#### Supplied data:
Segment Open

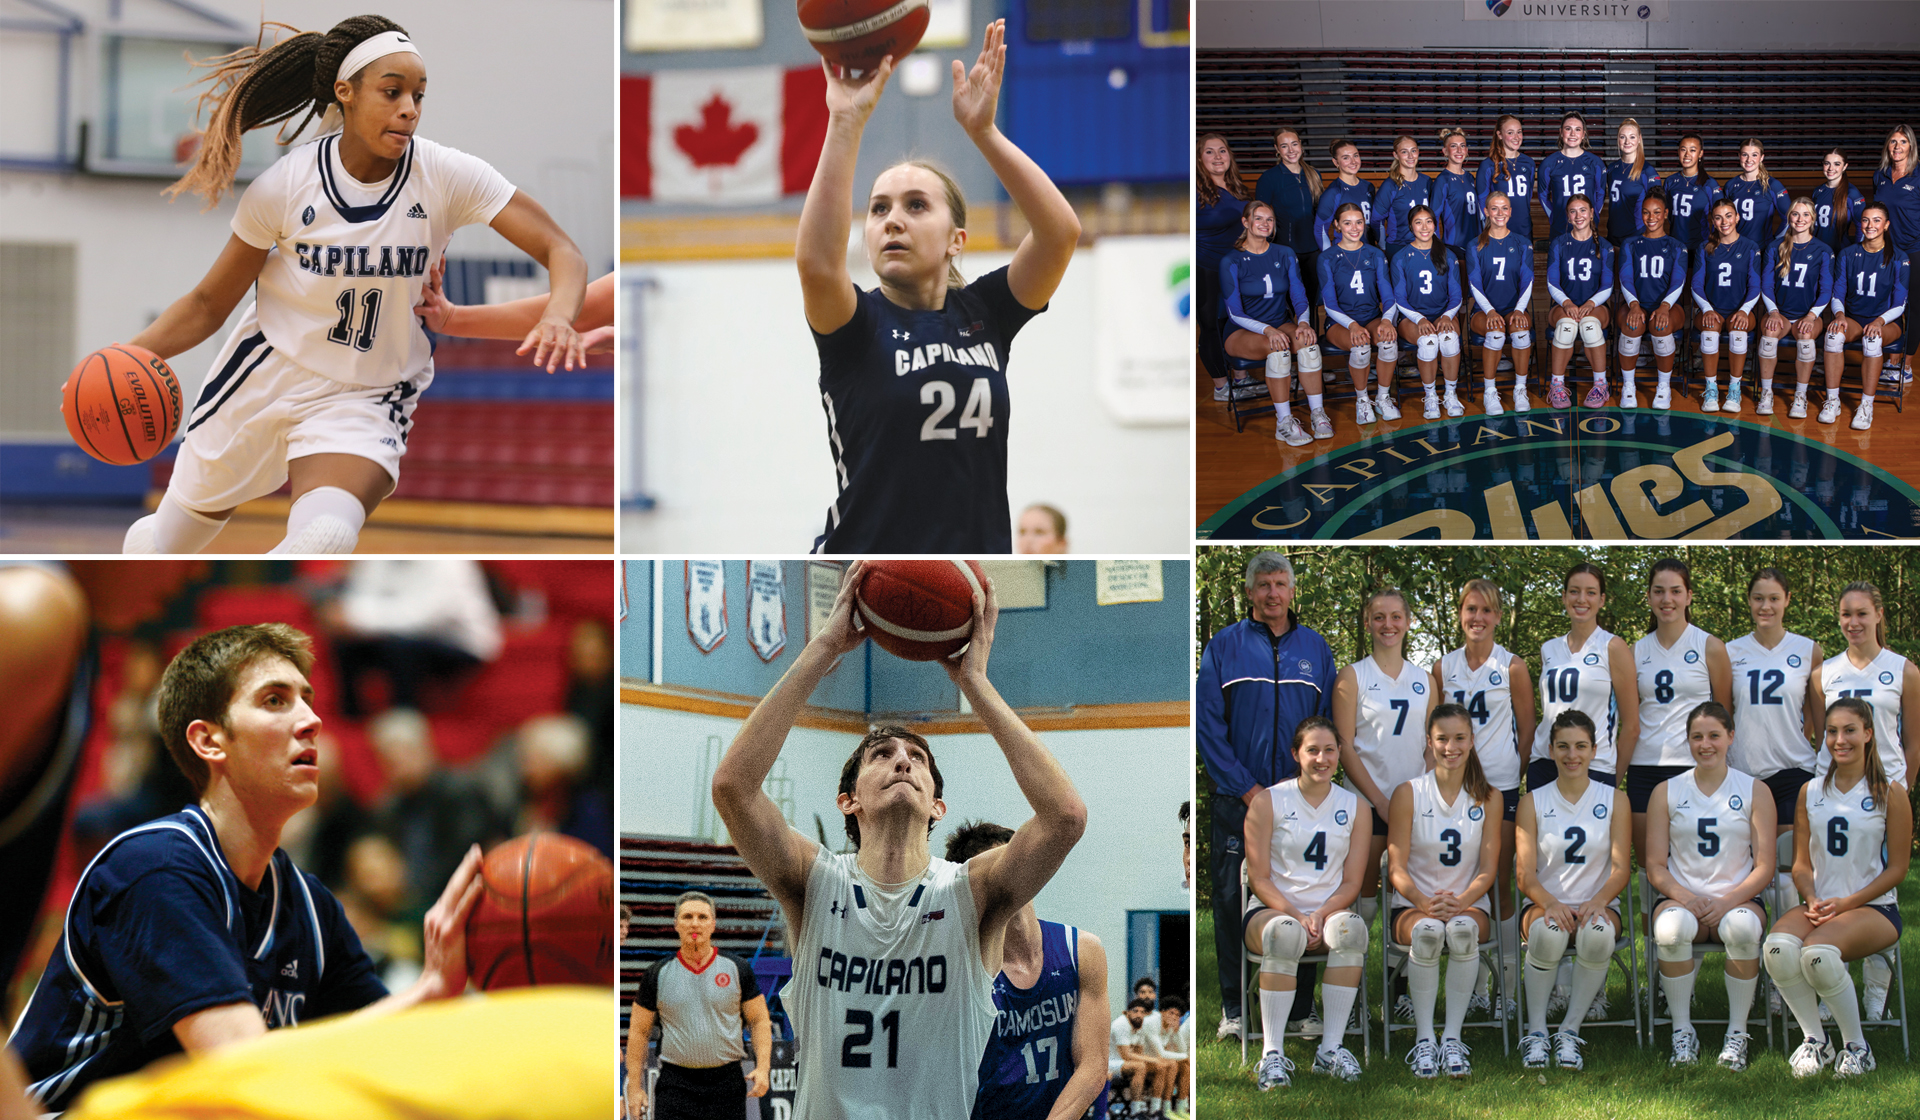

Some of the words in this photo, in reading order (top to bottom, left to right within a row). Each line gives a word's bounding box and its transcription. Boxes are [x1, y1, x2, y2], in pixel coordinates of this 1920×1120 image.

[1523, 4, 1630, 16] UNIVERSITY
[1507, 174, 1528, 197] 16
[1562, 174, 1586, 197] 12
[1361, 201, 1371, 225] 6
[1466, 191, 1477, 215] 8
[1672, 193, 1694, 217] 15
[1815, 204, 1831, 228] 8
[295, 242, 430, 277] CAPILANO
[1492, 256, 1506, 280] 7
[1567, 257, 1592, 281] 13
[1639, 254, 1664, 278] 10
[1718, 262, 1732, 287] 2
[1781, 263, 1808, 288] 17
[1263, 273, 1274, 299] 1
[1350, 270, 1364, 295] 4
[1418, 269, 1433, 295] 3
[1856, 271, 1877, 297] 11
[327, 288, 383, 352] 11
[895, 342, 999, 376] CAPILANO
[126, 371, 157, 442] EVOLUTION
[920, 377, 994, 441] 24
[1250, 416, 1622, 531] CAPILANO
[1547, 667, 1580, 703] 10
[1654, 669, 1675, 704] 8
[1746, 669, 1785, 705] 12
[1389, 699, 1409, 736] 7
[1838, 689, 1874, 718] 5
[1303, 831, 1327, 870] 4
[1439, 828, 1461, 867] 3
[1564, 826, 1586, 864] 2
[1697, 818, 1720, 857] 5
[1827, 816, 1849, 857] 6
[818, 947, 946, 995] CAPILANO
[841, 1008, 900, 1069] 21
[1021, 1036, 1059, 1084] 17
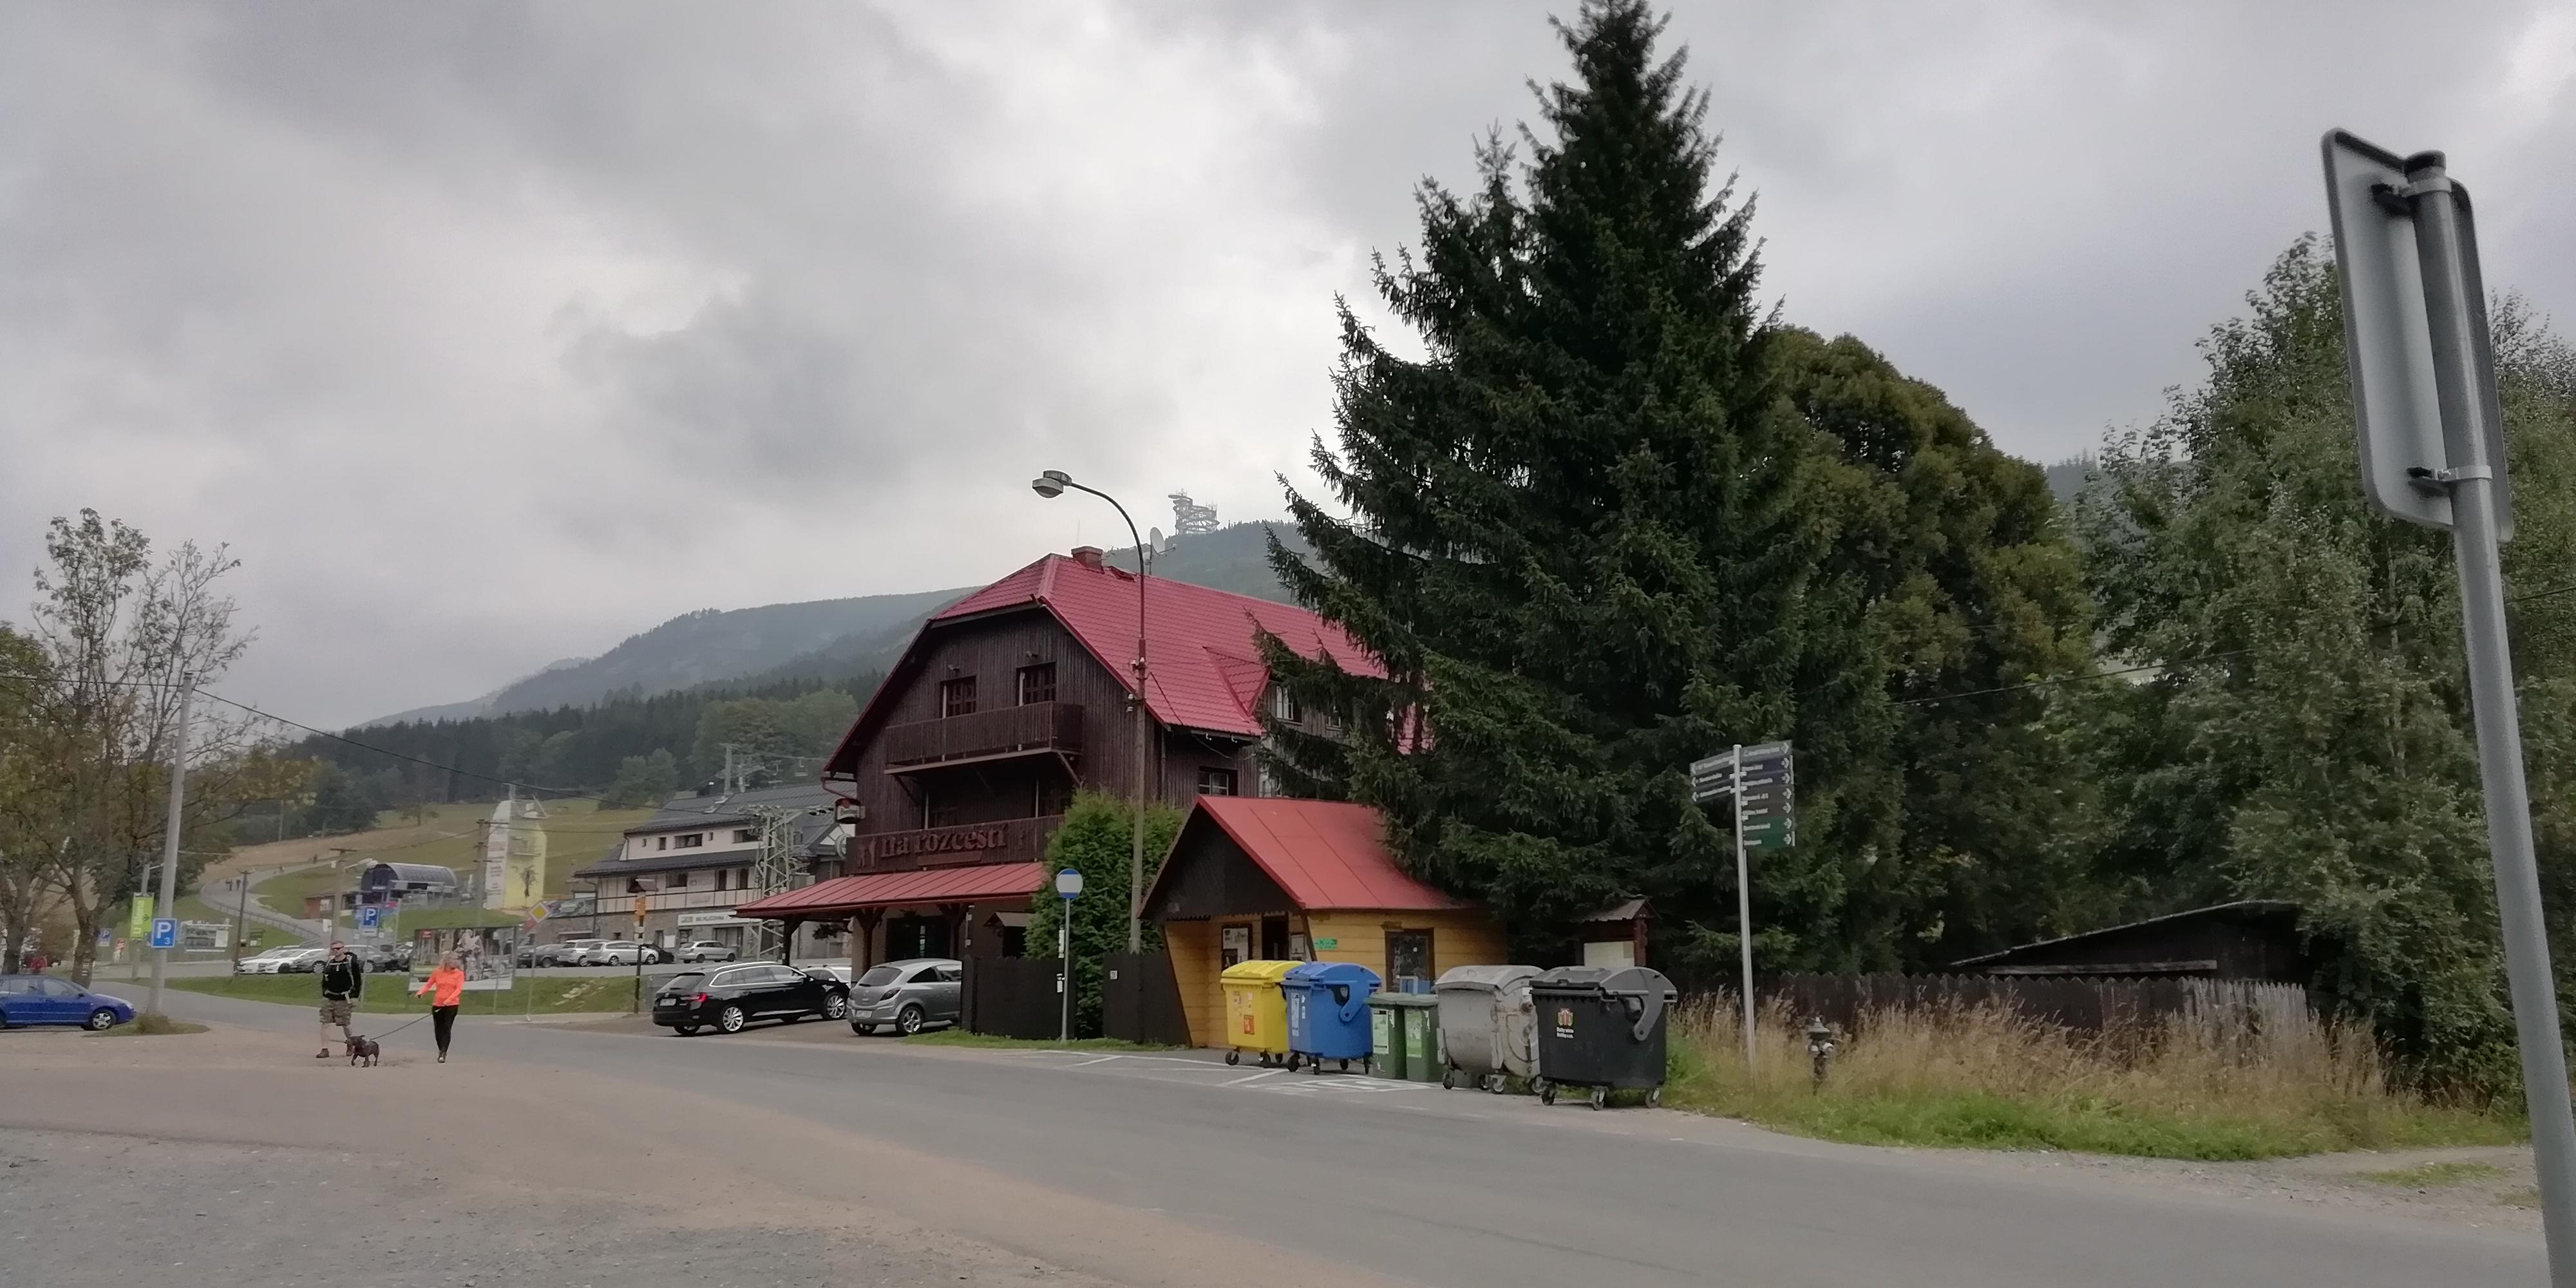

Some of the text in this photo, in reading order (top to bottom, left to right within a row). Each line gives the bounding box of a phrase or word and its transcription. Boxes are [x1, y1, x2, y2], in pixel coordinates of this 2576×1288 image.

[880, 823, 1009, 857] na rozcestí
[156, 922, 171, 938] P

Segment Closed

Everything in the material above should be reproduced exactly, except the pictures.

#### Reply:
Some of the words in this photo, in reading order (top to bottom, left to right within a row). Each line gives a word's bounding box and its transcription. Boxes are [x1, y1, x2, y2], in pixel coordinates of this 1920×1120 image.

[1523, 4, 1630, 16] UNIVERSITY
[1507, 174, 1528, 197] 16
[1562, 174, 1586, 197] 12
[1361, 201, 1371, 225] 6
[1466, 191, 1477, 215] 8
[1672, 193, 1694, 217] 15
[1815, 204, 1831, 228] 8
[295, 242, 430, 277] CAPILANO
[1492, 256, 1506, 280] 7
[1567, 257, 1592, 281] 13
[1639, 254, 1664, 278] 10
[1718, 262, 1732, 287] 2
[1781, 263, 1808, 288] 17
[1263, 273, 1274, 299] 1
[1350, 270, 1364, 295] 4
[1418, 269, 1433, 295] 3
[1856, 271, 1877, 297] 11
[327, 288, 383, 352] 11
[895, 342, 999, 376] CAPILANO
[126, 371, 157, 442] EVOLUTION
[920, 377, 994, 441] 24
[1250, 416, 1622, 531] CAPILANO
[1547, 667, 1580, 703] 10
[1654, 669, 1675, 704] 8
[1746, 669, 1785, 705] 12
[1389, 699, 1409, 736] 7
[1838, 689, 1874, 718] 5
[1303, 831, 1327, 870] 4
[1439, 828, 1461, 867] 3
[1564, 826, 1586, 864] 2
[1697, 818, 1720, 857] 5
[1827, 816, 1849, 857] 6
[818, 947, 946, 995] CAPILANO
[841, 1008, 900, 1069] 21
[1021, 1036, 1059, 1084] 17

Some of the text in this photo, in reading order (top to bottom, left to right within a row). Each line gives the bounding box of a phrase or word and its transcription. Boxes are [x1, y1, x2, y2], in pixel coordinates of this 2576×1288 image.

[880, 823, 1009, 857] na rozcestí
[156, 922, 171, 938] P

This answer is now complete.